Russian President Vladimir Putin’s clear goal is to re-establish as much of the Russian Empire (1721-1917) as he can. At its greatest extent, the Russian Empire included the territories of the old Soviet Union, most of Eastern Europe, Finland and Alaska (up to 1866). Mr. Putin knows the next U.S. president is unlikely to be as indecisive and reluctant to act as President Obama. He also faces falling demand for Russian oil and gas and unexpected price declines, which may cause him to run through Russia’s considerable financial reserves. Accordingly, the pressure is on him to act quickly.

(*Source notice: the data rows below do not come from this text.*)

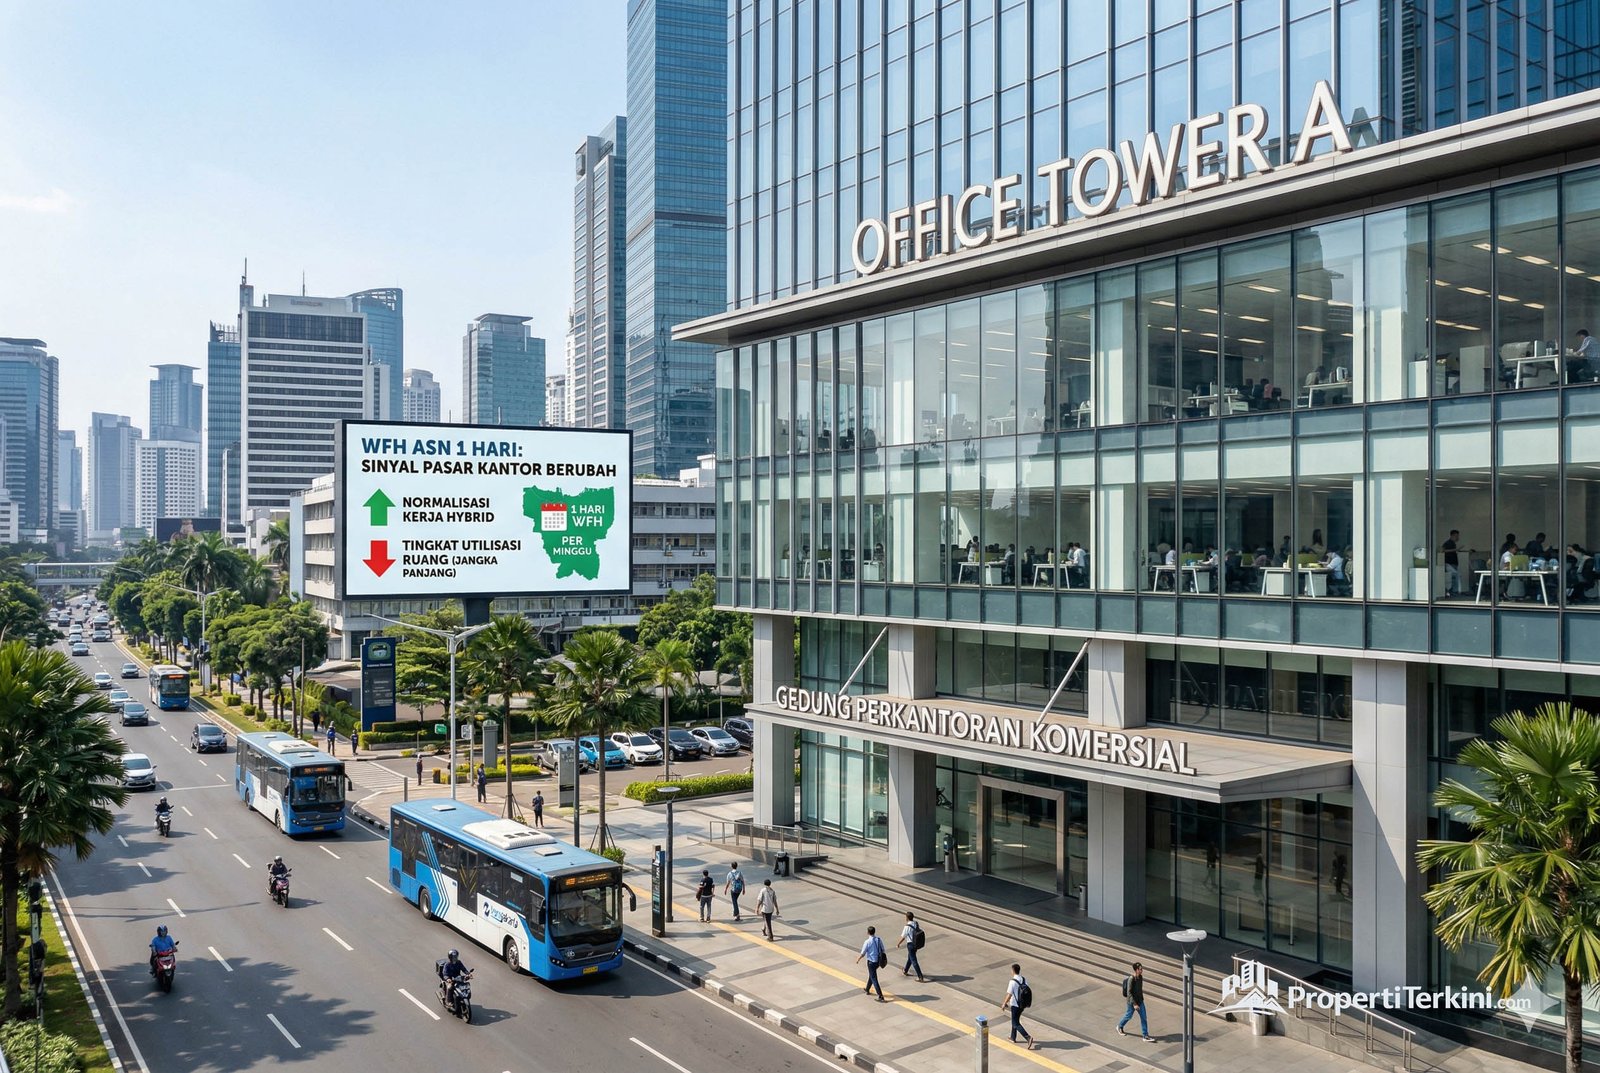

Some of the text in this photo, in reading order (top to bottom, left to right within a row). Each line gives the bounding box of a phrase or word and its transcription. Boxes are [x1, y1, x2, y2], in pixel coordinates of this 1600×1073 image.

[852, 80, 1352, 275] OFFICE TOWER A
[362, 438, 522, 457] WFH ASN 1 HARI:
[362, 460, 616, 477] SINYAL PASAR KANTOR BERUBAH
[403, 497, 489, 508] NORMALISASI
[571, 504, 604, 514] 1 HARI
[403, 512, 494, 522] KERJA HYBRID
[573, 516, 602, 526] WFH
[402, 540, 520, 550] TINGKAT UTILISASI
[562, 536, 582, 545] PER
[403, 555, 498, 565] RUANG (JANGKA
[403, 569, 456, 577] PANJANG)
[776, 685, 1196, 775] GEDUNG PERKANTORAN KOMERSIAL

The Russian economy is now little more than a petro-state, relying on oil and gas, which account for 68 percent of its total exports, and more than half of its government revenue. Much of Russia’s manufacturing base evaporated after the end of the Soviet Union. The ruble has fallen more than 30 percent against the dollar since the beginning of this year. As a result, inflation is accelerating (more than 8 percent at the moment) as imports become more and more expensive. The Russian budget has been running small surpluses, but with the big drop in oil prices, government revenues will fall, and the budget will most likely go into deficit.

In order to keep their economy from falling into total disarray, the Russians are actively doing everything they can to keep global oil prices high and keep the Europeans (which by far and away are their biggest customers) in continued dependence on their gas and oil. According to Eurostat, Russia supplies the European Union “with 30 percent of its gas, 35 percent of its crude oil, and 26 percent of its solid fuels.” Bulgaria, Estonia, Finland, Slovakia, Latvia and Lithuania are nearly 100 percent dependent on Russian gas. Europe could quickly become self-sufficient in gas, but European politicians have banned most fracking and other actions necessary to make Europe less dependent on the Russians.

The Russians are known to have bribed and made other forms of payments to European politicians and opinion leaders, often through the subsidization of environmental groups that lobby against European oil and gas development. Former German Chancellor Gerhard Schroeder is now vice chairman of Russia’s Gazprom, and the spokeswoman for the EU’s foreign-policy chief is married to a Gazprom lobbyist. There are many public relations, law, lobbying and other groups in the EU and even in the United States that receive funds from Russian sources. One of the great hypocrisies is that the Russians fund groups in the West to lobby against national oil and gas development, while at the same time arguing that global warming is not a threat and that the world should rely more on fossil fuels. The Russians have a strong vested interest in chaos in the Middle East, which could disrupt oil and gas supplies and drive prices higher. Paying a few hundred million dollars a year in lobbying, bribes, and disinformation and harassment campaigns against critics is just the cost of doing business to protect several hundred billion dollars in oil- and gas-export revenue.

Mr. Putin is now likely to be even more aggressive on the military front, given that he has been subject to nothing more than lectures from foreign leaders and minimal economic sanctions. He is moving more troops into Ukraine — only semidisguised — and his agents are actively disseminating disinformation and bribing officials in the parts of the country he does not directly control — the old KGB playbook. Ukraine has remained poorer than the other parts of Eastern Europe because it was, and continues to be, more corrupt and still has not made the necessary economic reforms. Ukraine is for all intents and purposes bankrupt, dependent on Russian gas, and lacks the weapons to adequately confront the Russian invaders.

If Mr. Putin soon controls Ukraine — directly, or indirectly, by setting up a vassal state as the Germans did in Vichy France in World War II — he is likely to move quickly to directly control Belarus and Moldova, and then Georgia and Azerbaijan, which will give him control over the Caspian Sea oil and gas pipelines. At that point, he will be well positioned to begin incursions in the Baltic states under the pretense of protecting Russian minorities.

The Russians have a weak military but they do have a large stock of nuclear weapons, and as a Putin spokesman recently warned, “Russia is the only country in the world that is realistically capable of turning the United States into radioactive ash.” Such statements — along with the many Kremlin paid agents of influence in Europe and the United States — are clearly designed to keep the West from interfering with Mr. Putin’s grand scheme.

Rather than crawling under the rock of appeasement, we should be providing Ukraine with weapons and performance-based aid on a strict lend-lease basis (which, unfortunately, may already be too late). We should also take away the many impediments to expanded oil and gas production in the United States, and oil-export restrictions. Finally, we should get serious about using the many financial tools we uniquely have to seriously impede Russian global trade and financial activity as a nonviolent way to discourage Russian expansionism.